Prólogo

                                                                 Prólogo

            Escuridão. Se sonhava ou não, ela não sabia dizer. Sua mente simplesmente processava o que acontecia com ela e ao seu redor num modo automático, pois ela mesma não compreendia mais nada.

            Ela se lembrava de ter feito coisas, coisas em favor de sua ideologia e por aquilo em que acreditava. Por que a julgaram errada? Ela lutava por um futuro melhor para todos os monstros, era o que ela mais acreditava. Será que a prenderam para impedi-la de espalhar a palavra? É, era provável.

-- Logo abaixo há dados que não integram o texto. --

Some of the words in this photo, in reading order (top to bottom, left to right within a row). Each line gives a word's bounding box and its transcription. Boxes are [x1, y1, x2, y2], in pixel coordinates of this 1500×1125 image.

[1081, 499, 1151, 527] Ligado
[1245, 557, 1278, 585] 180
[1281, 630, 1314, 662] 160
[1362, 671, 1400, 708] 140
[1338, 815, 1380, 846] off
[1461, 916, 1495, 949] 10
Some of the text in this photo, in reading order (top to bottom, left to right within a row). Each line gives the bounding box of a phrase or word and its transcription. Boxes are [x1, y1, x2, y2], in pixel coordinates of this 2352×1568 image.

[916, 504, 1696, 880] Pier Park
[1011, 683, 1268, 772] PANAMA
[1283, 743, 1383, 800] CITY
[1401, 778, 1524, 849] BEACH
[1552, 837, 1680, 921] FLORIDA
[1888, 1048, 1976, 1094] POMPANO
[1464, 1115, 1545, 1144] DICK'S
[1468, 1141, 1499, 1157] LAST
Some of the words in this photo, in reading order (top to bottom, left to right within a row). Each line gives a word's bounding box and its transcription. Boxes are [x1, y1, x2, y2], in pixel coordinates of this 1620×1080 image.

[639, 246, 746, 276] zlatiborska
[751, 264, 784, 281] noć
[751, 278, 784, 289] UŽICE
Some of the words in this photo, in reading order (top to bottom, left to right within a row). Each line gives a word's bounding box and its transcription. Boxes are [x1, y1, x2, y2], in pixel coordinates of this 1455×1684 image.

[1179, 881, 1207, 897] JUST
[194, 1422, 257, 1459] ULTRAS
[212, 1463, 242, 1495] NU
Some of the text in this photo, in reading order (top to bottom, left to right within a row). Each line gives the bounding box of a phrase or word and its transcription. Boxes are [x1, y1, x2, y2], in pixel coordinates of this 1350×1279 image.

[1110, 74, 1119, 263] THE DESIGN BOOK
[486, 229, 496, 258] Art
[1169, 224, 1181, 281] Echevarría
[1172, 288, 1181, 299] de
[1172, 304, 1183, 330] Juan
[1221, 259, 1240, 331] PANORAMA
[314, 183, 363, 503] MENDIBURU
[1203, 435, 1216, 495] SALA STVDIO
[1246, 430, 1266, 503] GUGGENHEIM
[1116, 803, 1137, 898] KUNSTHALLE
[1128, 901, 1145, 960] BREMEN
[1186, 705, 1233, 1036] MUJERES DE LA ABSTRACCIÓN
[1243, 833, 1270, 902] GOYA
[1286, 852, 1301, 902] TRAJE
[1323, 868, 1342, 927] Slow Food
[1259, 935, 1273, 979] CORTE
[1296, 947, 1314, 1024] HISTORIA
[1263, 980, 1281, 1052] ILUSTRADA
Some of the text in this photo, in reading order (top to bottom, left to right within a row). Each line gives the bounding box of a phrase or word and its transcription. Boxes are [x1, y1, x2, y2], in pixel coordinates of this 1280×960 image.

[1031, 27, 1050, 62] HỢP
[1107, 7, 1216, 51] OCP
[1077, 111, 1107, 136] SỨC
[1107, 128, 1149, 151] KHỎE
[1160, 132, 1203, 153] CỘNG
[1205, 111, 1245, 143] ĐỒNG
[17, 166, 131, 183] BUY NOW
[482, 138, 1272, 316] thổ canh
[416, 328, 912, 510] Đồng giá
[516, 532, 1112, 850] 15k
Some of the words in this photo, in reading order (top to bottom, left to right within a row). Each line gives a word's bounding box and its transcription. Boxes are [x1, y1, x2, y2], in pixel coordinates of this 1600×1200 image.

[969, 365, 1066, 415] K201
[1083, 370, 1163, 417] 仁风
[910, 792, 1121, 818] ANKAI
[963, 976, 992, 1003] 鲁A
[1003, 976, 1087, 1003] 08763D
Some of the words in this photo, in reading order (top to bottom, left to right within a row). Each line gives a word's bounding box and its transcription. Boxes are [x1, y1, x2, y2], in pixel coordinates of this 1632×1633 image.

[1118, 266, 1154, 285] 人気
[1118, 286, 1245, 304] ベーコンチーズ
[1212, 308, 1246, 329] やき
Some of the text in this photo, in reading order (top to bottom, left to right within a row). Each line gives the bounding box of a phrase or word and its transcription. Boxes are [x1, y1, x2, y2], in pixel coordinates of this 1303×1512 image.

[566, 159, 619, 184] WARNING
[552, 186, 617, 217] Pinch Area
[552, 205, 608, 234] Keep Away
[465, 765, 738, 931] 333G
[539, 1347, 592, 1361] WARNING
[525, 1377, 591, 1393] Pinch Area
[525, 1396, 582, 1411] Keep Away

            Ao longo da história fizeram isso repetidas vezes com vários agitadores de revolução contra a máquina, contra a lei suprema que comandava as rédeas da civilização, seja ela de monstros ou humanos. Sim, tentaram calá-la, silenciá-la e mandaram-na para a pior prisão já vista, contrataram pessoas lá dentro para destruir seu corpo, seu espírito, sua mente e todo o resto, abusando de tudo o que ela tinha a oferecer em prazeres carnais não autorizados. Enfraquecê-la e deixá-la fraca demais para lutar, para resistir.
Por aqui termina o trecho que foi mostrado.